Hochzeiten rund um die Welt: Italien

Hochzeiten rund um die Welt: Italien

Hochzeiten rund um die Welt: Italien

Mit „Hochzeiten rund um die Welt“ wollen wir euch Inspirationen für eure Traumhochzeit zu geben. Vielleicht findet ihr gar neue zauberhafte und individuelle Ideen, die ihr in eure Feier einbinden könnt. Hier der erste Teil:

Hochzeiten rund um die Welt: Italien

Im alten Italien fanden Hochzeiten traditionsgemäß am Sonntag statt. Paare sollten niemals an Freitagen oder Dienstagen heiraten oder in die Flitterwochen fliegen, da dies Unglück bedeutete. An Samstagen war es es Witwen vorbehalten ein weiteres Mal zu heiraten.

Zusätzlich zu dem weißen Kleid trug die Braut einen langen Schleier, der das Gesicht verbarg – ein Symbol der Jungfräulichkeit und um sie vor bösen Geistern zu schützen. Den Schleier zu zerreißen hingegen sollte Glück bringen. Der Bräutigam trug eben aus dem Grund ein Stück Eisen bei sich.

Die Brautpaare gingen zu Fuß zur Kirche. In einigen Regionen sah man es als schlechtes Zeichen an, wenn der Bräutigam sich auf dem Weg zur Kirche umdrehte. Falls er etwas vergessen haben sollte, begleiteten ihn Freunde, um im Notfall für ihn umzudrehen. Nach der Zeremonie zerschmetterte das Brautpaar eine Vase und versuchte so viele Scherben wie nur möglich zu erzeugen (die Anzahl der Scherben repräsentierte die Anzahl der Jahre, die das Brautpaar verheiratet sein sollte). Es wurde sogar häufig extra ein Baustamm aufgestellt, damit das Brautpaar ihn zusammen zersägen konnte (um die Zusammenarbeit des Brautpaares zu beobachten).

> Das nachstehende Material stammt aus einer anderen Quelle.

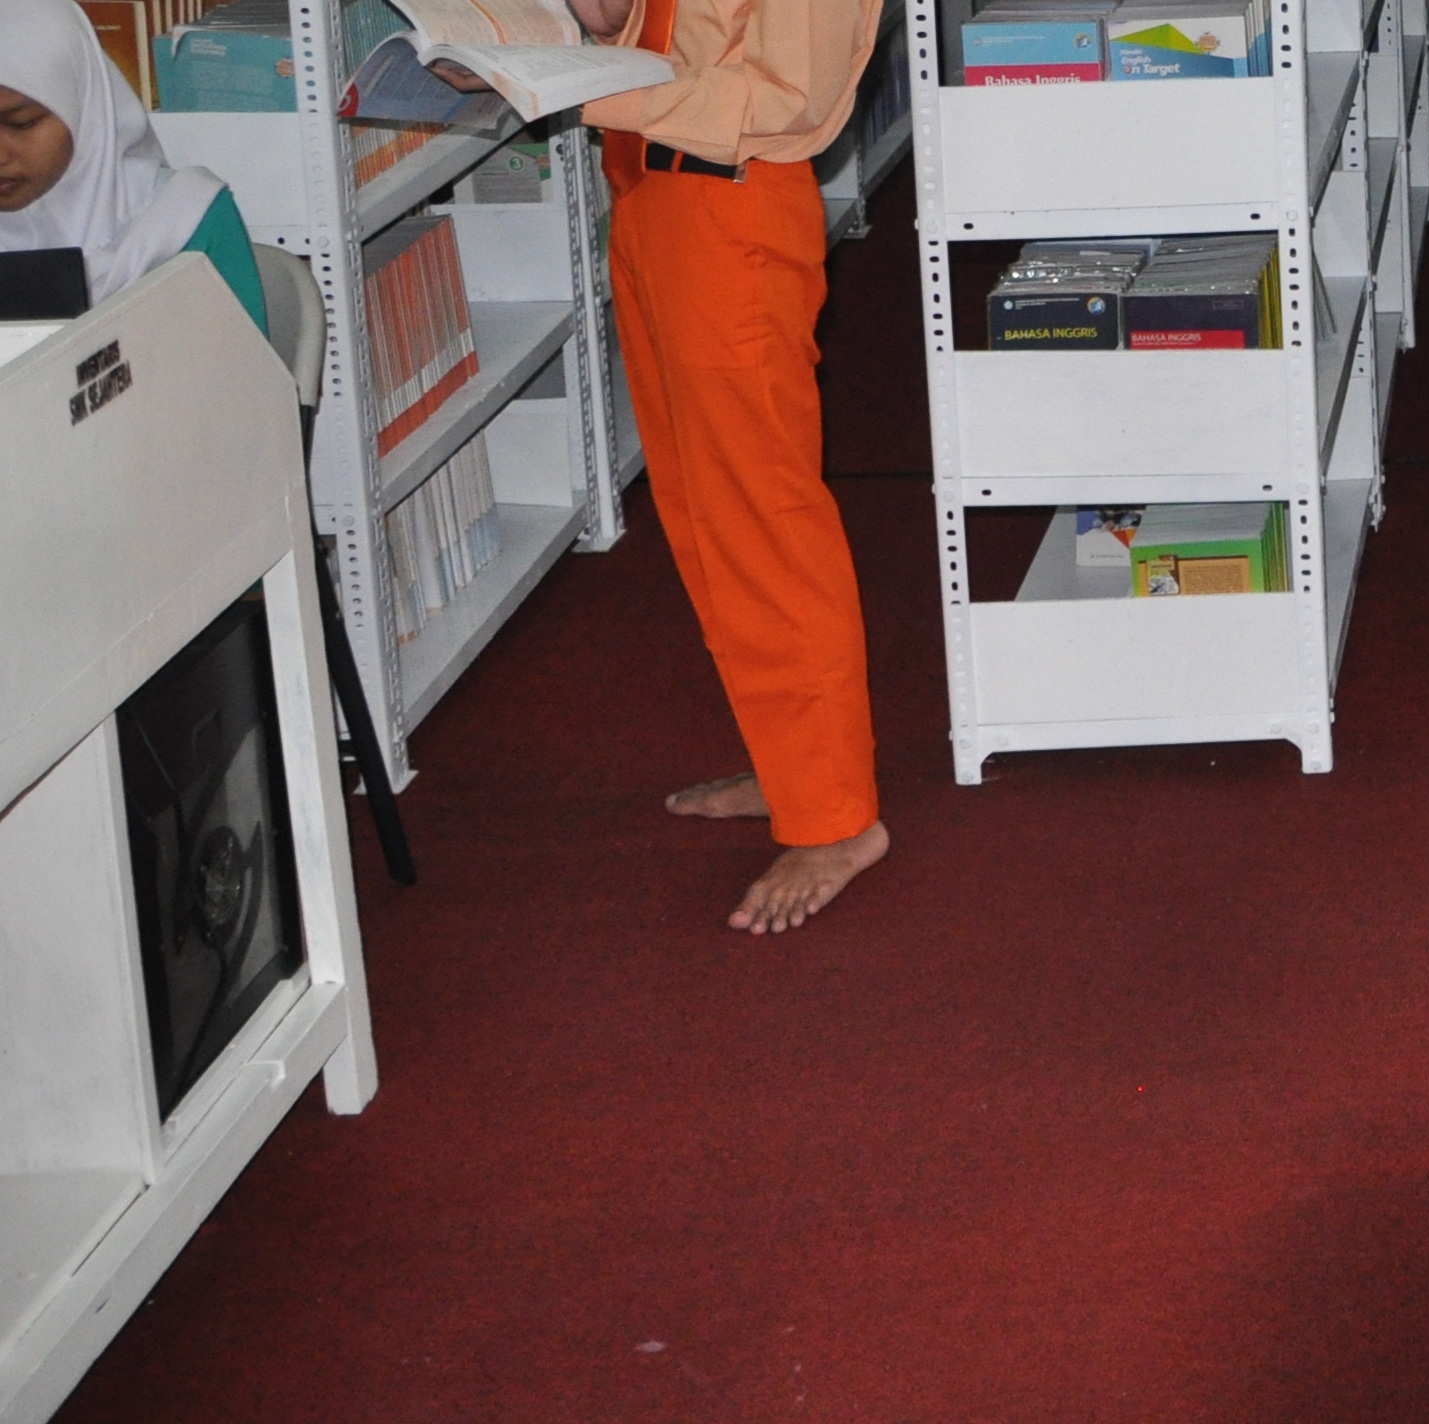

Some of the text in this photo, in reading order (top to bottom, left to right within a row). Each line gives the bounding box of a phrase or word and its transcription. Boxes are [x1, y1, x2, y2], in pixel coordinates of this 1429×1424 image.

[1121, 55, 1151, 66] English
[1142, 63, 1180, 77] Target
[984, 74, 1032, 86] Bahasa
[1004, 327, 1098, 341] BAHASA INGGRIS
[1132, 333, 1202, 342] BAHASA INGGRIS

Selbst vor hundert Jahren schon war das Essen ein essentieller Teil italienischer Hochzeiten. Viele verschiedene Gänge von Antipasti, Pasta, Fisch und Fleisch wurden von Wein und Likören begleitet. Confetti – in Zucker gewendete Mandeln, die die bitteren und süßen Teile des Lebens repräsentierten – wurden als Snack gereicht.
Braut und Bräutigam führten ihr Gäste mit einem flotten Tanz – dem Tarantella – an. Die Legende besagt, dass dieser Tanz die Opfer vor Bissen der Tarantel schützen sollte.

Um dem Brautpaar mit den Ausgaben für die Hochzeit behilflich zu sein, steckten die Gäste Münzen in den Satinbeutel der Braut – in die La Borsa.